**Stored items:**
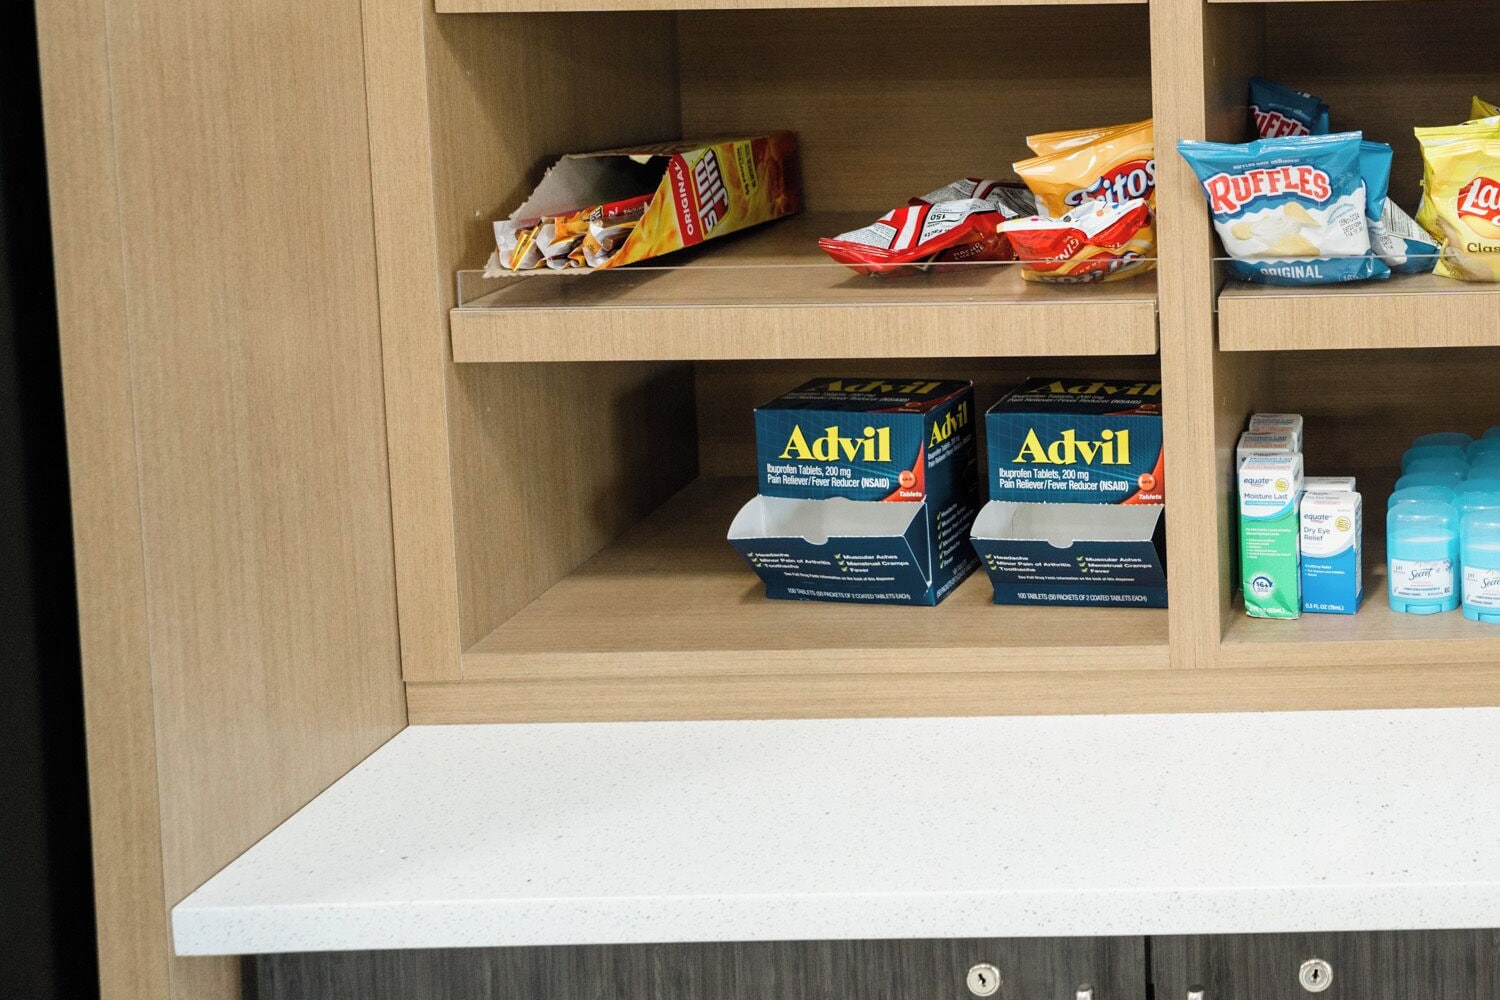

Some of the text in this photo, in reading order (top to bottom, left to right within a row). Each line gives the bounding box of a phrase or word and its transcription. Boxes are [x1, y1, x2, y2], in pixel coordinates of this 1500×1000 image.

[1206, 167, 1331, 213] RUFFLES
[673, 161, 694, 236] ORIGINAL
[953, 242, 981, 258] NACHO
[1260, 264, 1324, 280] ORIGINAL
[812, 380, 943, 395] Advil
[1028, 380, 1162, 396] Advil
[928, 401, 968, 449] Advil
[778, 424, 892, 462] Advil
[1012, 427, 1132, 466] Advil
[767, 463, 852, 479] Ibuprofen Tablets, 200 mg
[999, 467, 1090, 482] Ibuprofen Tablets, 200 mg
[768, 474, 782, 485] Pain
[831, 477, 860, 488] Reducer
[861, 478, 890, 490] (NSAID)
[1000, 478, 1015, 489] Pain
[1068, 480, 1098, 491] Reducer
[1099, 481, 1129, 492] (NSAID)
[1244, 477, 1270, 486] equate
[1244, 492, 1288, 500] Moisture Last
[1303, 513, 1330, 521] equate
[1304, 526, 1331, 535] Dry Eye
[1409, 567, 1433, 581] Secret

**Exercise directions:** Reproduce every record above exactly, but leave out the pictures.

**Output for this task:**
Some of the text in this photo, in reading order (top to bottom, left to right within a row). Each line gives the bounding box of a phrase or word and its transcription. Boxes are [x1, y1, x2, y2], in pixel coordinates of this 1500×1000 image.

[1206, 167, 1331, 213] RUFFLES
[673, 161, 694, 236] ORIGINAL
[953, 242, 981, 258] NACHO
[1260, 264, 1324, 280] ORIGINAL
[812, 380, 943, 395] Advil
[1028, 380, 1162, 396] Advil
[928, 401, 968, 449] Advil
[778, 424, 892, 462] Advil
[1012, 427, 1132, 466] Advil
[767, 463, 852, 479] Ibuprofen Tablets, 200 mg
[999, 467, 1090, 482] Ibuprofen Tablets, 200 mg
[768, 474, 782, 485] Pain
[831, 477, 860, 488] Reducer
[861, 478, 890, 490] (NSAID)
[1000, 478, 1015, 489] Pain
[1068, 480, 1098, 491] Reducer
[1099, 481, 1129, 492] (NSAID)
[1244, 477, 1270, 486] equate
[1244, 492, 1288, 500] Moisture Last
[1303, 513, 1330, 521] equate
[1304, 526, 1331, 535] Dry Eye
[1409, 567, 1433, 581] Secret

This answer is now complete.